From an Unknown Location
Here's a great idea: If you really want to decide whether this boss of yours is going to pull a Big Brother, create a fake Foursquare account for yourself with your real name and friend-request him on that. Tell him that you switched accounts because your other one got hacked. Hehe! Play it cool here. Van Damme it.
Then check into Power Hour, a dark alley in Chinatown, and, of course, some strip clubs. He'll know you are sufficiently fucking wasted and completely up for some questionable decisions (body shots?!) and, if he shows up, you can pull a To Catch a Predator on him. Surprise. Busted!

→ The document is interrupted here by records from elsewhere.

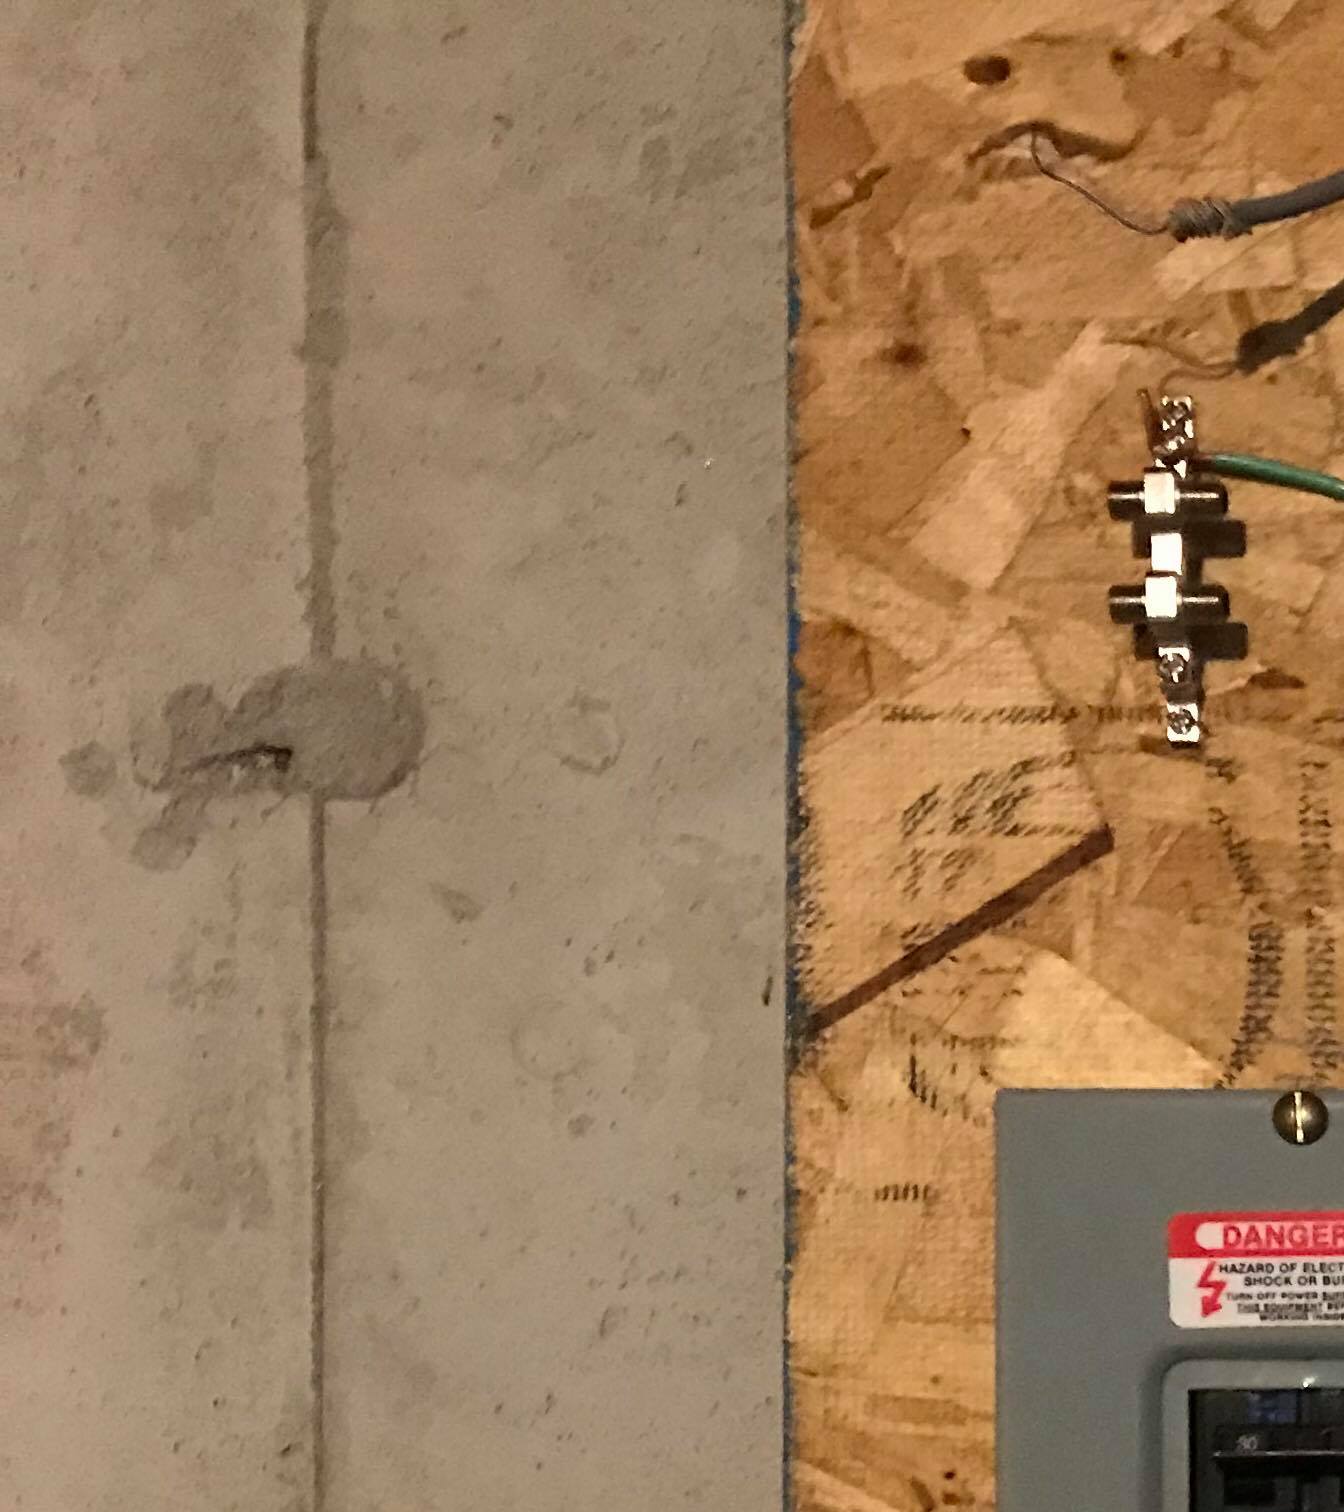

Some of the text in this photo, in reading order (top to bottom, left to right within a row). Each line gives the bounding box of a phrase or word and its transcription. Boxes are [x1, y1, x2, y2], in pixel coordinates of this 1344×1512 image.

[1219, 1262, 1274, 1274] HAZARD
[1279, 1262, 1297, 1274] OF
[1244, 1275, 1292, 1287] SHOCK
[1297, 1275, 1317, 1287] OR
[1226, 1292, 1252, 1300] TURN
[1257, 1292, 1276, 1300] OFF
[1281, 1292, 1318, 1300] POWER

Granted, you'd have to actually go to that dark alley and Power Hour and strip club, so make sure in your attempt to catch him that you don't accidentally sleep with him. Learn from my mistakes. Unless, of course, you need a promotion — then learn from my successes.
You could always deny his initial request, and if he asks what happened, play dumb and say, "Weird. I didn't even get a request from you. Stupid Foursquare!" Or, fuck it, blame AT&T. Everyone loves doing that.

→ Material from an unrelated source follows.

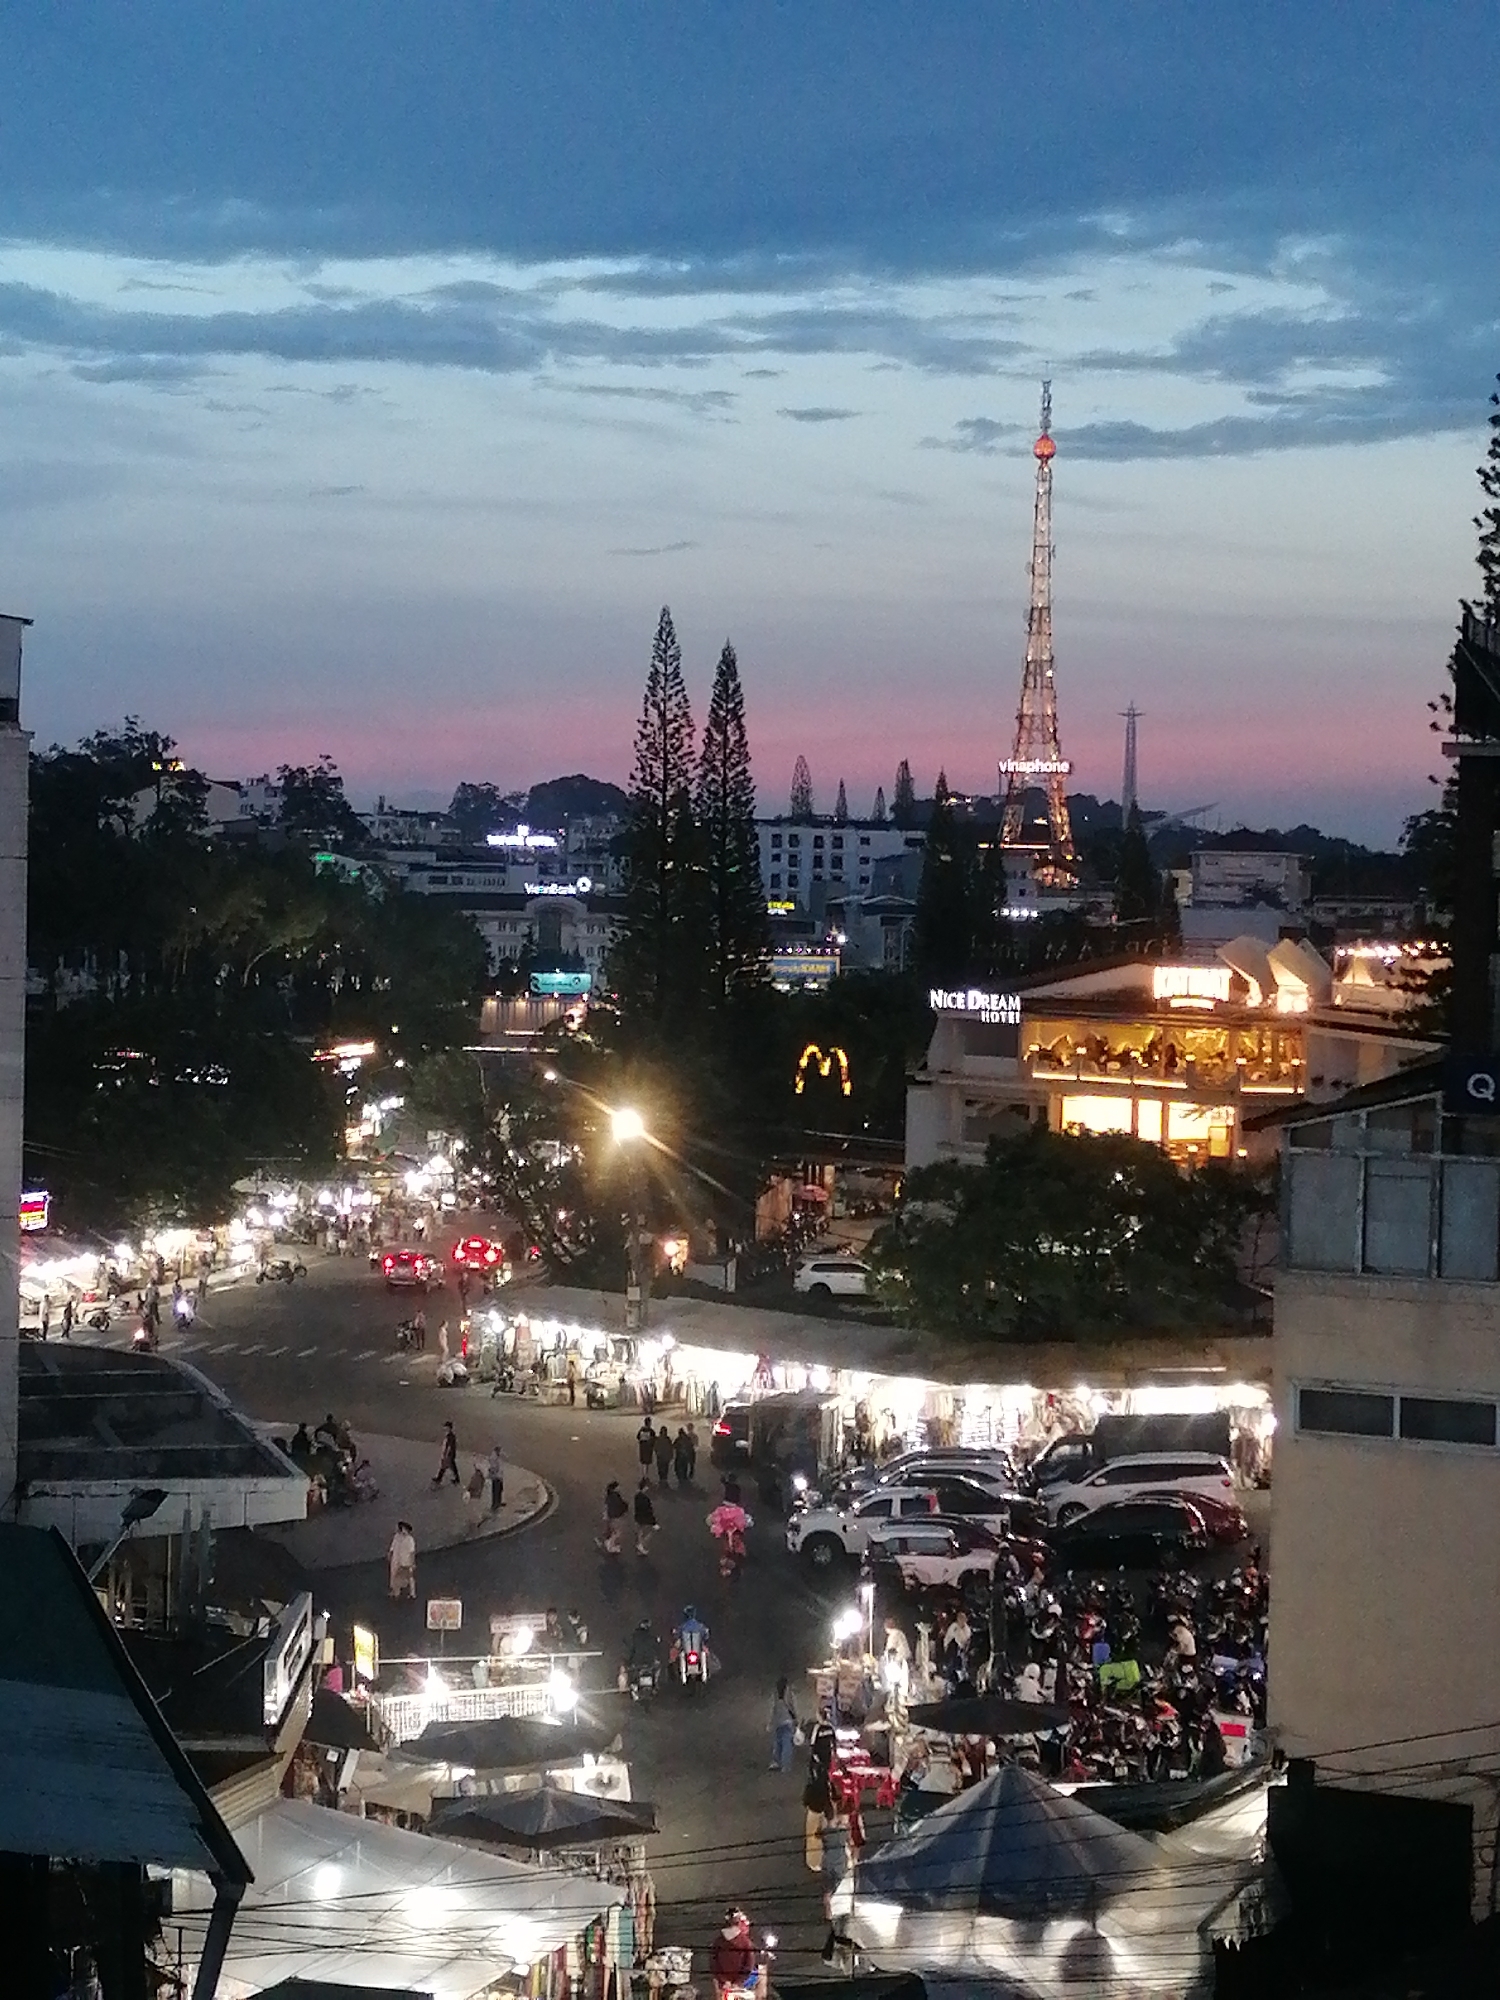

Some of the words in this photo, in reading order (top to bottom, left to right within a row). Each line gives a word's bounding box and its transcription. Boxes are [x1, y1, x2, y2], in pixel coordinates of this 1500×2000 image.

But actually, the best option would be to decide whether it really affects you that much and, if it does, deny the request and send him an e-mail explaining why. Be completely honest and say you don't feel comfortable having your boss as your Foursquare contact. However, if it doesn't really bother you, let him be your contact. If he's as cool as you say he is, he probably won't stalk you, so you should be fine. And, since the operative words here are "probably won't stalk you," it wouldn't hurt to grab some pepper spray or a rape whistle.